SE tiver monitor LED 19,5" recente, fonte atx 80plus, um processador i3 recente (Estamos na 8ª geração da família core, mas um da 4ª geração já tá ok, um i3-*4*xxx), e tem HDD recente (Nada de 1TB com 8MB de cache, isso será projeto de 2010! Falo de algo com uns 128MB de cache, com mais cache usa menos processamento nas transferências e consome bem menos, e na verdade não tem hdd velho e gastador com cache grande. Até 16MB de cache ainda será um hdd gastador), aí talvez dá confiar que um nobreak comum com bateria de 5Ah dure 15 minutos, mas ainda assim não é nada bom ter descarga completa, bateria de chumbo é feita pra *NÃO USAR*, hora que acabar a eletricidade tem que desligar tudo o mais rápido possível, se puder, pra evitar comer vida útil deles.

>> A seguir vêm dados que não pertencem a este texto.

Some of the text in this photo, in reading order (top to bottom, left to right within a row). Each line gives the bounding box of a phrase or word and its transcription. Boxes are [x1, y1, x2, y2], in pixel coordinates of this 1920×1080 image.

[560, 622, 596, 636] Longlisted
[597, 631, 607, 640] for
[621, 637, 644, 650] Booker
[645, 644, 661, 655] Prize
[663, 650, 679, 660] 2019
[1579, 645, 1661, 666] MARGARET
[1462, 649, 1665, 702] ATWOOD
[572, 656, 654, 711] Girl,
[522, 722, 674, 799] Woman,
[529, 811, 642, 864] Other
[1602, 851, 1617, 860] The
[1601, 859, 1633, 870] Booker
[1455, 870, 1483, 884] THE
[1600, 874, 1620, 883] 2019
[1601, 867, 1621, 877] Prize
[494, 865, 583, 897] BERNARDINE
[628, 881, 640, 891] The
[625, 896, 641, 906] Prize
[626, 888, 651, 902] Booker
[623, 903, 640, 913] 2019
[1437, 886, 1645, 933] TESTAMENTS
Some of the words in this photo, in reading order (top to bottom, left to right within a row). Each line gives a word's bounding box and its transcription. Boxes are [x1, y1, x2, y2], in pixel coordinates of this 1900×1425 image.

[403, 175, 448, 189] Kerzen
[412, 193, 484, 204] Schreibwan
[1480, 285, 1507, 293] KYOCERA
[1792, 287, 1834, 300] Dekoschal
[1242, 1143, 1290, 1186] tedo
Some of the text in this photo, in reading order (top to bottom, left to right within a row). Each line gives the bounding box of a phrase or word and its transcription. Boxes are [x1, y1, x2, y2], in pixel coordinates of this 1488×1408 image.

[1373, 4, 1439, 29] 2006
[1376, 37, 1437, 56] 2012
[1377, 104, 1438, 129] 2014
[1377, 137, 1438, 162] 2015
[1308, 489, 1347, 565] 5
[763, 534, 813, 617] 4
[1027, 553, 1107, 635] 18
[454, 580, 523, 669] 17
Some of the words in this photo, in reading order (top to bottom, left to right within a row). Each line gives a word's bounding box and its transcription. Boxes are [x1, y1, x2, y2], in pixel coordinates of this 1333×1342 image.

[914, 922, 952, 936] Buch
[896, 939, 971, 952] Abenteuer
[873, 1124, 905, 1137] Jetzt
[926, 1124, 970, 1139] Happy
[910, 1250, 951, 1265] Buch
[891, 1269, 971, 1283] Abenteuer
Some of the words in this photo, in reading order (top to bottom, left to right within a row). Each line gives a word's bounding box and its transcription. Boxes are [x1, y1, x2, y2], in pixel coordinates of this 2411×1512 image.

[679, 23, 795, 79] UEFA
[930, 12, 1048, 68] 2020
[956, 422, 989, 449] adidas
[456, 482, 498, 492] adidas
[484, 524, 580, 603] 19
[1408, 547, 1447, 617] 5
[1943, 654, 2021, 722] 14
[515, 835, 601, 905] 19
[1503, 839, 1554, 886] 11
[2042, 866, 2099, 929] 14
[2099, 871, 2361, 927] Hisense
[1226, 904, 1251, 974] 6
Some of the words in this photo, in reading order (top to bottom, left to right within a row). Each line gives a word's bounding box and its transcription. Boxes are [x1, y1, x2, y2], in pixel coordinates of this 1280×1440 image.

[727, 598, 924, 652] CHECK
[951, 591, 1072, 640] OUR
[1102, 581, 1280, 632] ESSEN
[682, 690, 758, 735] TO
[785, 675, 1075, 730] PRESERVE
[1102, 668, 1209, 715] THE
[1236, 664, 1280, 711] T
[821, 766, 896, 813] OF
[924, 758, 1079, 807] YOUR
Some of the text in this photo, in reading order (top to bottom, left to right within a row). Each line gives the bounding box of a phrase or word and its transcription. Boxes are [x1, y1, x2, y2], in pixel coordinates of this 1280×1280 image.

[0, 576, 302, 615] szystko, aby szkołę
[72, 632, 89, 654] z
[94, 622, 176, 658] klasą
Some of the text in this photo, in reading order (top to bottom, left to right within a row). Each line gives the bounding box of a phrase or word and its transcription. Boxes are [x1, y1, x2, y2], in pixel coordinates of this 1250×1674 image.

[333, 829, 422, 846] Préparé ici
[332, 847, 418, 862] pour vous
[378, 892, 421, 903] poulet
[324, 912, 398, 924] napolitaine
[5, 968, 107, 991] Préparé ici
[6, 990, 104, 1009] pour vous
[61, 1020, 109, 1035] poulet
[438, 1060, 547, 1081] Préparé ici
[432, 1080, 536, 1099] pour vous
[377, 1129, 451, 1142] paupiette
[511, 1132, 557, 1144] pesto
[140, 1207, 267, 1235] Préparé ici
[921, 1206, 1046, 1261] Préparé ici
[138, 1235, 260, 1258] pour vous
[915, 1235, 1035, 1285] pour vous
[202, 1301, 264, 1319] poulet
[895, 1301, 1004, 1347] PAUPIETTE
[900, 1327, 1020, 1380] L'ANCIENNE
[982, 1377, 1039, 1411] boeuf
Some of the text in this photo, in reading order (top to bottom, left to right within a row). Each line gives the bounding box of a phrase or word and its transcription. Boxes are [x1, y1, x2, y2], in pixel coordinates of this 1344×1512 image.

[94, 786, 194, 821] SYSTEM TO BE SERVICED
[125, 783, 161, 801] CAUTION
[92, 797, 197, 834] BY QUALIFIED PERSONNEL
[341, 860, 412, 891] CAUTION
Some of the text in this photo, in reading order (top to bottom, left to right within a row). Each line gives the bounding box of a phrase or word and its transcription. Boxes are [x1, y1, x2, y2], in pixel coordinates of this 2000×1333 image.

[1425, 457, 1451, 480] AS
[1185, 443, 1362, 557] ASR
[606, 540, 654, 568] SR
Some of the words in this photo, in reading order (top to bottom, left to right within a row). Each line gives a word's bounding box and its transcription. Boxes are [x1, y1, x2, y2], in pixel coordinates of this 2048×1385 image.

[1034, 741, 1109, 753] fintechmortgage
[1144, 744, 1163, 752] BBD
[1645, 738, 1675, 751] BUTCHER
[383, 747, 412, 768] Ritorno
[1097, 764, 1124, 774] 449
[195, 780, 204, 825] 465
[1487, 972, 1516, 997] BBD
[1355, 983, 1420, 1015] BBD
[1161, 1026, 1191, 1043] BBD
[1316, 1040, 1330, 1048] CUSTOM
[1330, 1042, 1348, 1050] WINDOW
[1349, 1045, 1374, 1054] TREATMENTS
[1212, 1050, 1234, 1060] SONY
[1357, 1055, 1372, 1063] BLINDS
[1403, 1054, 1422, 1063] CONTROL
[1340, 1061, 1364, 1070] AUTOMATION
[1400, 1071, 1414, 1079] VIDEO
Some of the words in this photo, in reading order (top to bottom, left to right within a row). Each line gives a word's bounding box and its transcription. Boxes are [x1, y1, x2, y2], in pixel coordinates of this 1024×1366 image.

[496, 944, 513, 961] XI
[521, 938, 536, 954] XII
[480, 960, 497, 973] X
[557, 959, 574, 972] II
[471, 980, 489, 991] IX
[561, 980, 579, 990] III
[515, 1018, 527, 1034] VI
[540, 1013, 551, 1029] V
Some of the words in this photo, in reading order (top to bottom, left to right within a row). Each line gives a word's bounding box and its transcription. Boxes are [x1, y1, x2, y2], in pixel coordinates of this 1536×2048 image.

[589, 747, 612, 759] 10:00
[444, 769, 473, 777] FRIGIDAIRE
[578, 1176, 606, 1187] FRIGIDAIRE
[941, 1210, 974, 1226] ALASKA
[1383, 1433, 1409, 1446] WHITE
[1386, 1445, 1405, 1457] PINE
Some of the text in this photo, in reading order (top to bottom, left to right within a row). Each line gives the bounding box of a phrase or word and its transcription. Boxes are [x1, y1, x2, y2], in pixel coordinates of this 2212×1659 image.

Se for um parque com meia duzia de computadores, 6x R$ 300 = R$ 1,8 mil, já começa a chegar no preço de um nobreak 2kVA com plug pra bateria externa, e uma bateria externa de uns 36Ah (O cabo pra plugar elas nos nobreaks com entrada pra bateria custa uns R$ 50), essa solução de nobreak único serve melhor quando você pode DESLIGAR algumas das maquinas em questão, pra meia duzia durar 15 minutos de fato precisaria gastar muito, mas se puder desligar 3, as outras 3 terão alimentação por mais 35-40 minutos! E se precisar usar só 1, dará pra talvez 2h!

Lembra que teria que colocar modem, roteador wifi, e switch em algum dos nobreaks, esses equipamentos consomem um pouco, é pouco mas conta! Se tiver um computador mais importante, que devia ser o último a ser desligado, seria bom colocar ligado no nobreak desse esses outros equipamentos, mas aí teria que achar não um nobreak de maior potência, mas um com MAIS BATERIAS. Se vire pra googlar atrás de modelos baratos, já antecipo que o pouco acessível e que tem uns 10Ah em baterias são esses aqui: https://www.gigantec.com.br/nobreak-...-c-eng-6t.html O resto é bem mais caro.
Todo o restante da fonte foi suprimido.